Using the Premium PDF Source

The Premium PDF Component is an SSIS Source component that can be used to extract data from tables in PDF files. There are two pages that can be configured to read from PDF files using the component:

  • General
  • Columns

General Page

The General page of the Premium PDF Source allows you to specify the general settings of the component.

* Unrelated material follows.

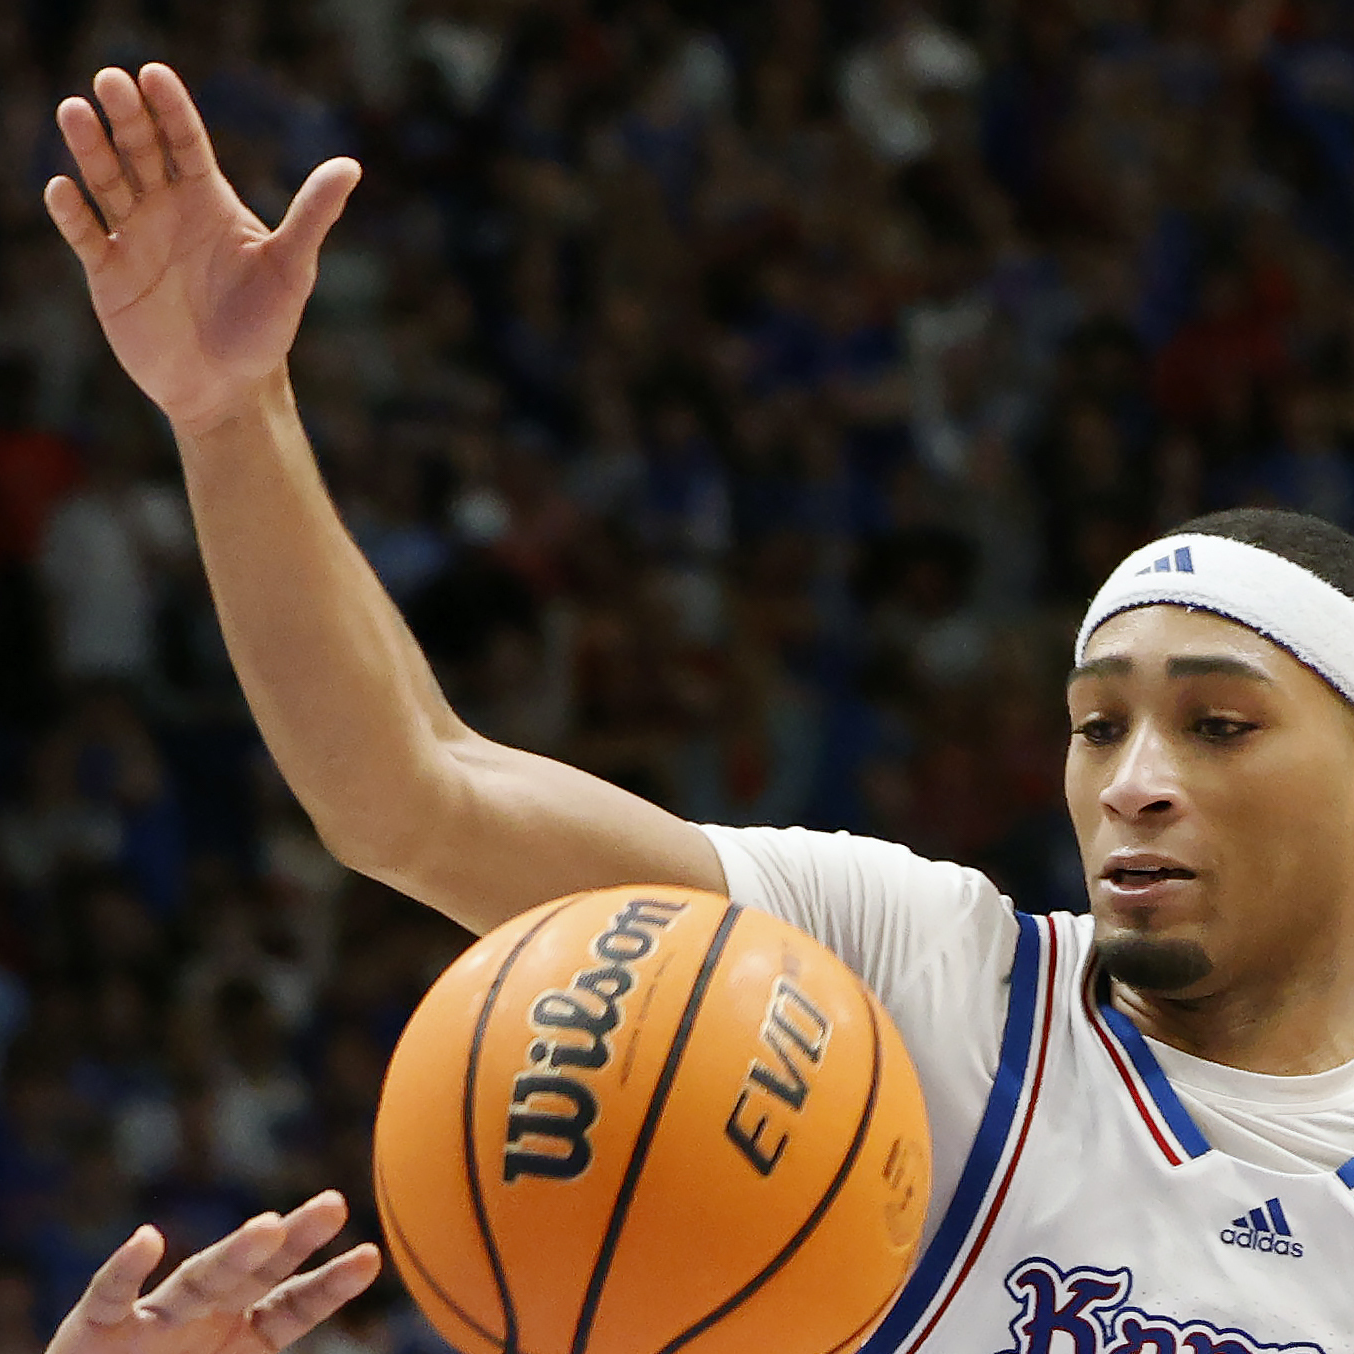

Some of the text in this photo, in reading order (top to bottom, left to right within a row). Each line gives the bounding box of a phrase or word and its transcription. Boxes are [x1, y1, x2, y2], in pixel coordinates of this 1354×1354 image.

[502, 897, 692, 1184] Wilson
[724, 976, 833, 1178] EVO
[1220, 1228, 1304, 1258] adidas

SSIS Premium PDF Source - General Page

Source File Settings
Connection Manager

The Premium PDF Source component requires a connection to connect to the PDF File. The Connection Manager drop-down will show a list of all connection managers that are available for your current SSIS packages. The supported connection managers are listed below:

  • Local File
  • FTPS Connection Manager
  • SFTP Connection Manager
  • Amazon S3 Connection Manager
  • Azure Blob Connection Manager
  • Azure Data Lake Storage Connection Manager
  • Azure Files Connection Manager
  • Box Connection Manager
  • Dropbox Connection Manager
  • Hadoop Connection Manager
  • Google Cloud Storage Connection Manager
  • Google Drive Connection Manager(since v21.2)
  • OneDrive Connection Manager
  • WebDAV Connection Manager
  • Google Cloud Storage Connection Manager
  • SharePoint Connection Manager (offered with the SSIS Integration Toolkit for Microsoft SharePoint)
Source File Path

The Source File Path specifies the location of the PDF file that you are trying to read from. Click the eclipse button ('...') to open a browser dialog to select an item.

Password to Open

This option is used to specify the password to open the PDF file. If the PDF file is not encrypted, you can leave this field blank.

Locale

Specify the Locale of the file.

Configure Table Detection
Combine Tables Strategy

This option can be used to specify how to combine tables across multiple pages from within the PDF file. The available options are:

  • None
  • CombineAcrossPages
  • CombineAll (since v21.1)
    • Skip Tables at Start: This option specifies how many tables to exclude at the beginning of the file.
    • Skip Tables at End: his option specifies how many tables to exclude at the end of the file.
Skip Empty Rows

Enabling this option will skip empty rows in the table.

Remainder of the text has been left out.